The European Central Bank will face pressure on Thursday to say if it is worried by rising bank-to-bank lending rates, whether it will extend liquidity support and how it sees Europe's bank stress tests panning out.
With the ECB pausing for breath after taking extraordinary action to respond to the euro zone debt crisis, all 76 economists recently polled by Reuters expected the ECB to keep interest rates at their record low of 1.0 percent.
The ECB's policymaking Governing Council began meeting shortly after 0700 GMT (3 a.m. EDT).
Soon afterwards, official data showed euro-priced interbank lending rates hit their highest levels in 10 months on Thursday.
I think they would be worried if this continued over the summer, said Lloyds TSB economist Kenneth Broux.
The creep up in the bank-to-bank lending rates came amid signs of slowing euro zone growth and market concerns that the Europe-wide bank stress tests will not be tough enough.
The three-month Euribor rate -- traditionally the main gauge of interbank euro lending -- climbed to 0.810 percent from 0.802 percent the previous day, the highest level since early September.
While the ECB might exude swan-like calm on the surface, underneath it's thrashing around to keep its head above water, said Steve Barrow, currency strategist at Standard Bank.
Throughout the crisis, the central bank has sought to address worries by offering banks extra cash. Market players will look for guidance on whether the ECB plans to extend its liquidity support beyond the current end-date of mid-October.
They will also want the central bank to spell out more details of the government bond purchase programme it began in May to contain Greece's and the euro zone's debt crisis.
The high-profile stress tests being carried out on a sizeable chunk of Europe's banks will be a further focus for the ECB's news conference. The health checks go to the root of the woes dogging the euro zone's financial sector.
ECB President Jean-Claude Trichet is, like last month, likely to give little away on the central bank's plans for liquidity support and bond buying.
I think there will just be a sense of relief that the euro has stopped collapsing and the banking sector hasn't fallen over, said Societe Generale economist James Nixon.
I think rate hikes are so are off the horizon it's not really worth talking about, he said.
Prior to last month's meeting the euro had fallen 17 percent in six months on a trade-weighted basis -- its most dramatic drop on record -- on fears the euro zone debt crisis could force troubled members out of the single currency. The euro has gained back some of the ground since then.
The ECB is likely to take comfort from banks' apparent trouble-free repayment of 442 billion euros in emergency loans last week -- an obligation they met with only modest demand for funds from the central bank aimed at smoothing the process.
We think the ECB will be feeling somewhat relieved that the 12-month tender rolled so successfully last week, said Nixon. In that sense, I think that the ECB have emerged with their exit strategy intact.
Nixon expected the ECB to wait a while before announcing whether it will keep its ultra-easy lending in place beyond the current mid-October end-date.
There is no reason for them to offer any new insights, or new initiatives on that line.
Annual inflation in the euro zone was lower than expected at 1.4 percent in June, data released last week showed, pointing to subdued prices pressures despite an improving economy.

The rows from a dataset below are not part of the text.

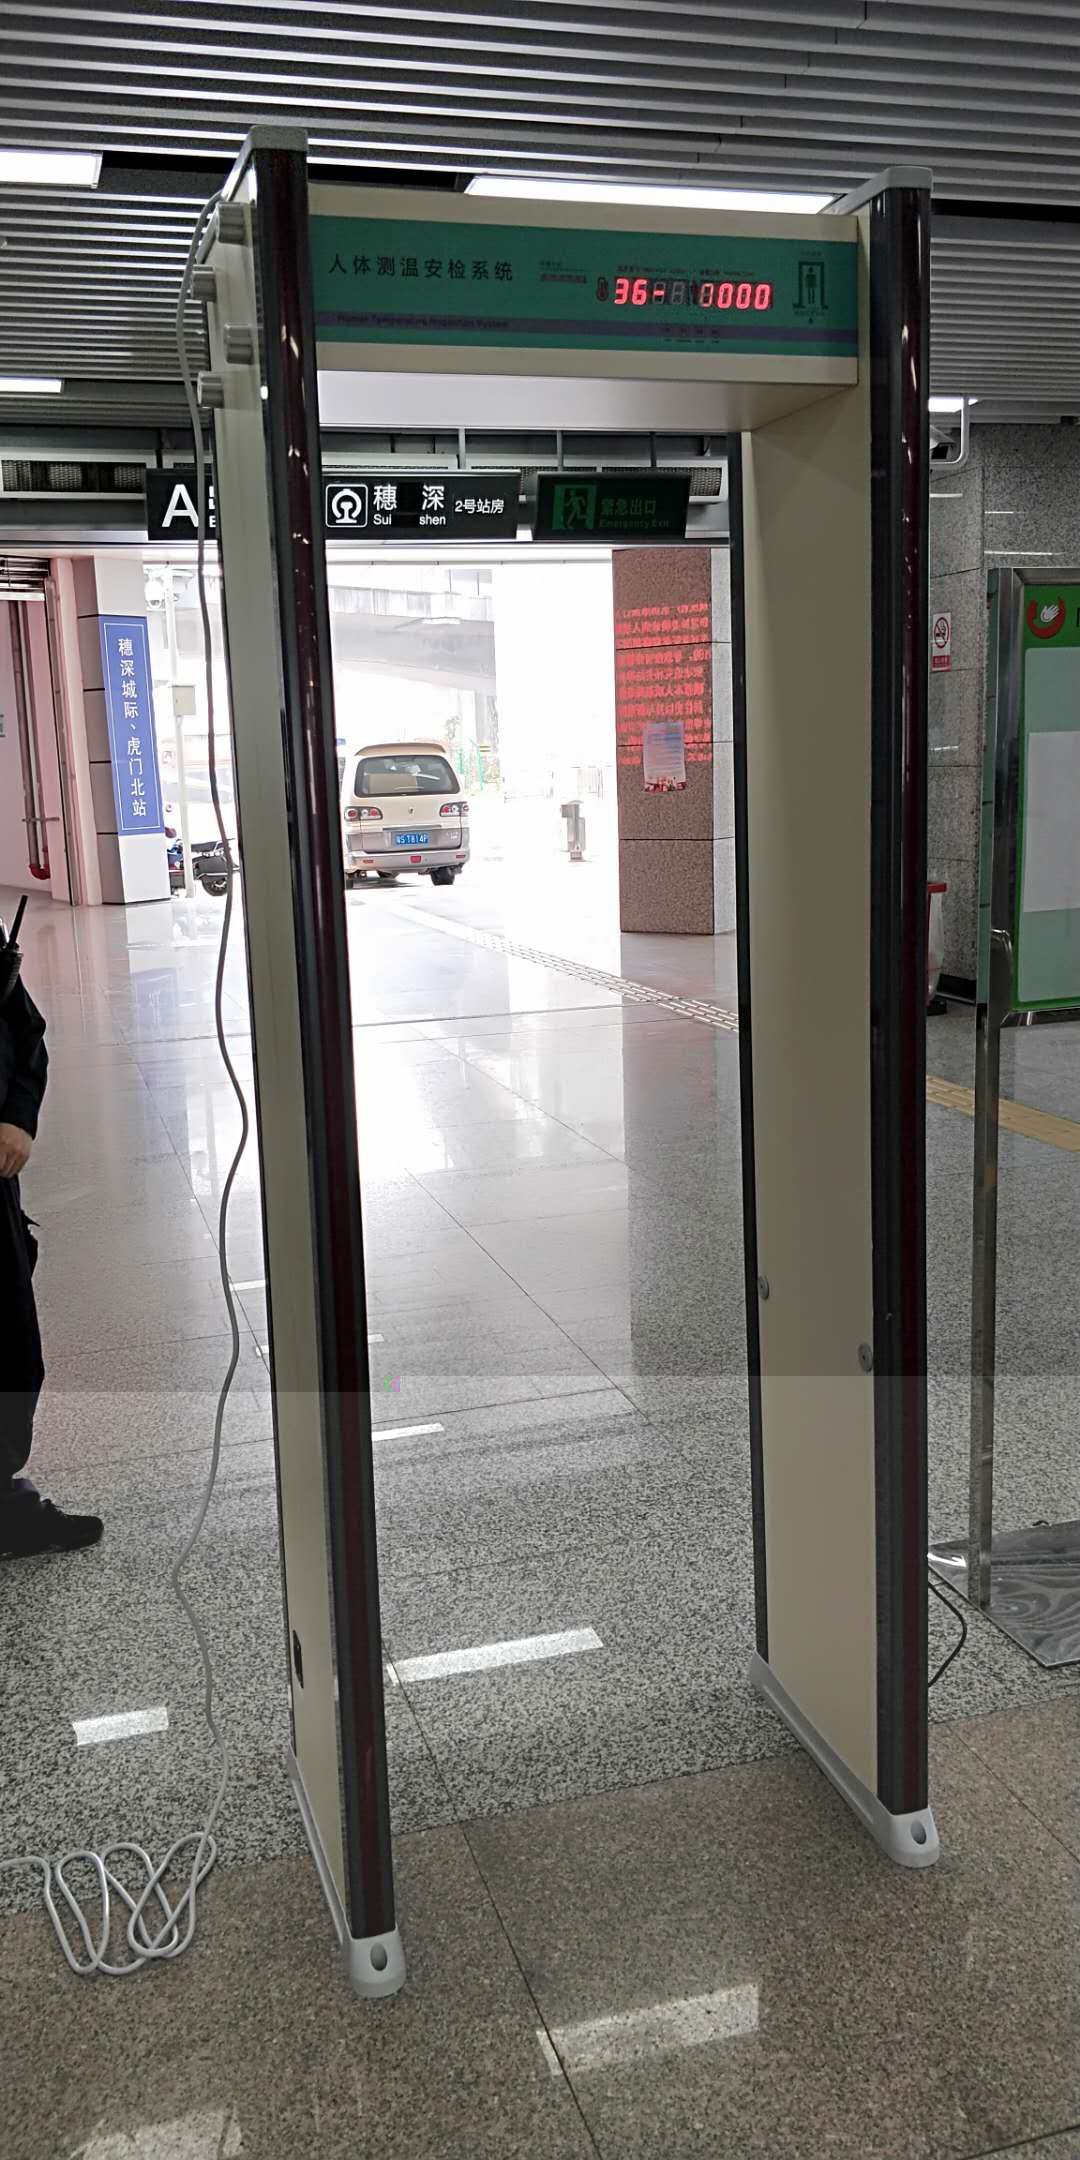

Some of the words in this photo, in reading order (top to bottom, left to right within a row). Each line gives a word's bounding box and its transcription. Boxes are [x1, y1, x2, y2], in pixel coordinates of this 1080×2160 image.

[328, 253, 513, 281] 人体测温安检系统
[161, 483, 199, 528] A
[421, 485, 445, 511] 深
[454, 499, 505, 514] 2号站房
[419, 514, 446, 526] shen
[118, 638, 147, 817] 穗深城际、虎门北站

Economic growth was 0.2 percent quarter-on-quarter.
RBS economist Nick Matthews expected the ECB to stick to its view in June that price developments should remain moderate over the policy-relevant medium-term horizon. I don't see that changing, Matthews said.
Markets will be looking for anything the ECB can say on the progress of the bank stress tests, which European Union bank regulators are conducting in the hope of restoring confidence in markets worried about ballooning public debt.

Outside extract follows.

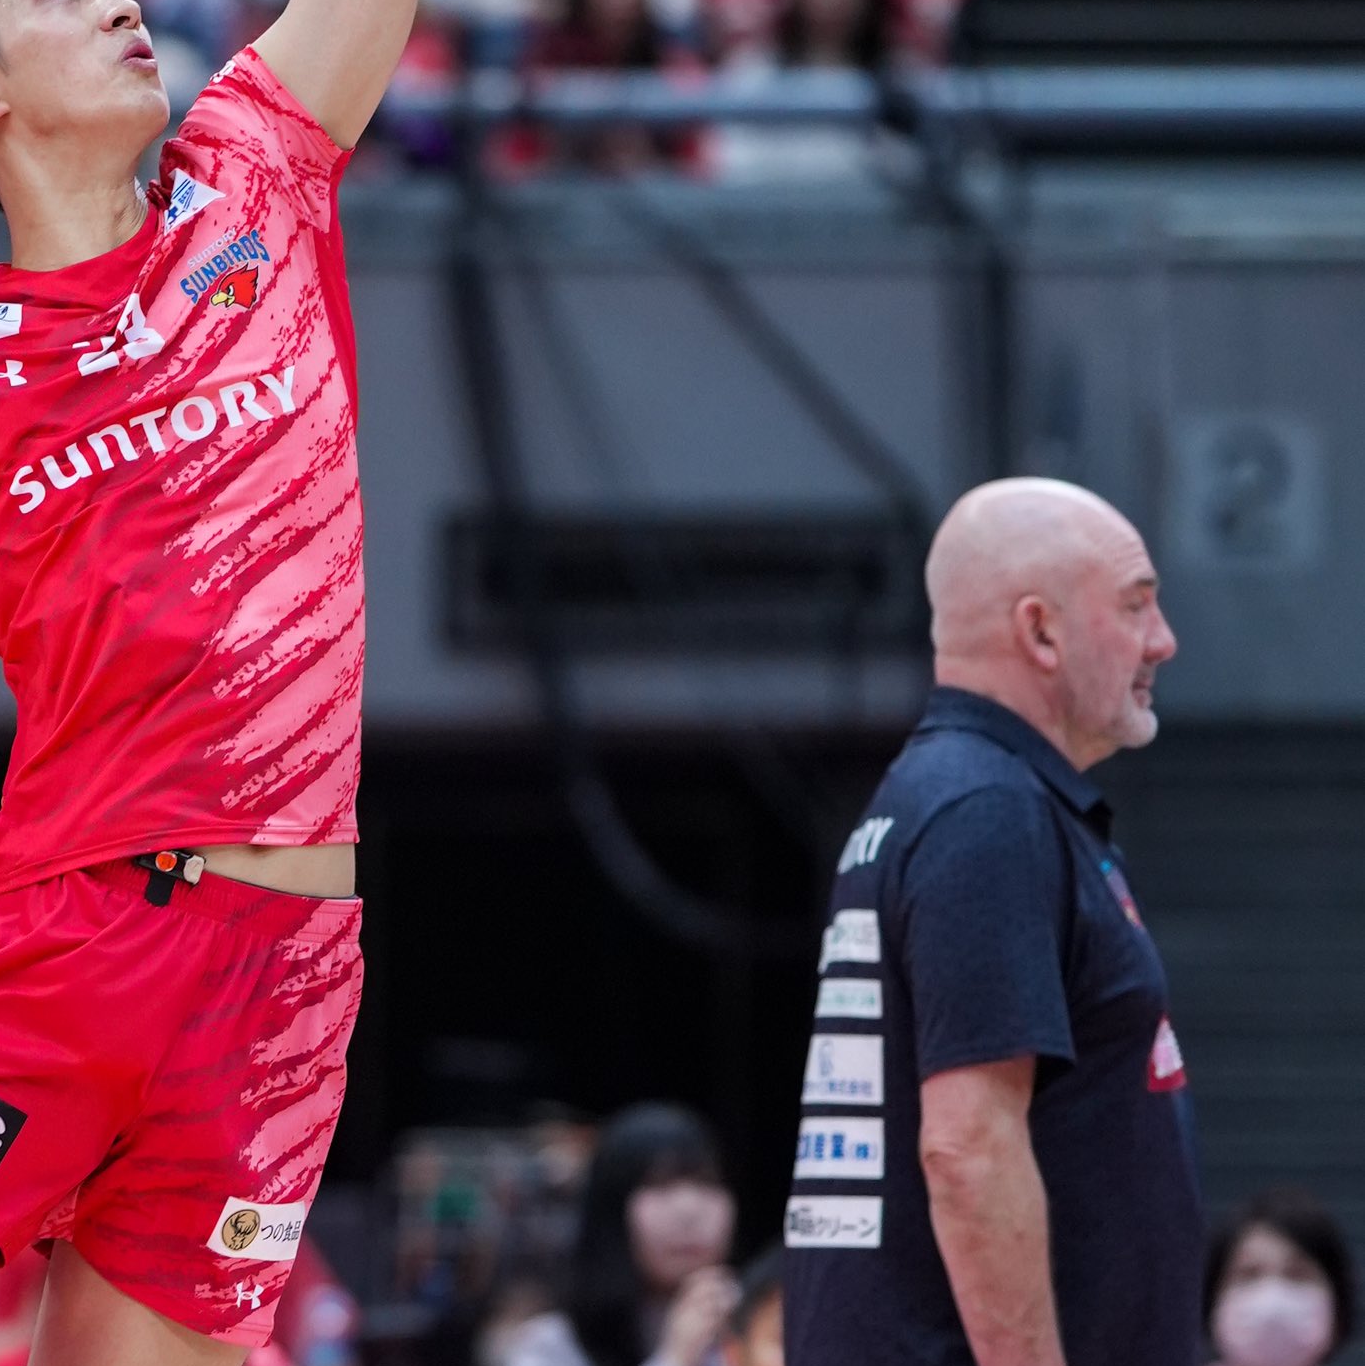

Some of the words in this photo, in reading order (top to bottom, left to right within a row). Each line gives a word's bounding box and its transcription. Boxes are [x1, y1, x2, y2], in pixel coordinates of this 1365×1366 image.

[179, 229, 271, 305] SUNBIRDS
[187, 226, 237, 268] SUNTORY
[9, 365, 297, 514] SUNTORY
[261, 1221, 302, 1242] つの食品

Markets are so far unconvinced the tests, whose results are due to be published on July 23, will be tough enough and Trichet will be pressed to offer some insight into their likely outcome.

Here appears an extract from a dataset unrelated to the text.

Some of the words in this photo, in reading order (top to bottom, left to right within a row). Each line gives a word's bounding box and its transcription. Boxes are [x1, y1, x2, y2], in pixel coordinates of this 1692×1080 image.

Maybe Trichet will try to soothe market fears and suggest that taken together the market system is robust and well placed to pass the stress tests, said Matthews at RBS.
But I think the markets will be concerned about how many of the smaller banks may not be in a good position when we know the results of the stress tests, he said.
Europe has listed 91 banks taking part in the tests -- including many regional banks where markets suspect most of the sore spots are -- as it seeks to restore confidence in the sector.
Trichet said on Sunday the tests would be an important element in restoring market confidence. They could also trigger a return in risk appetite if lenders perform well.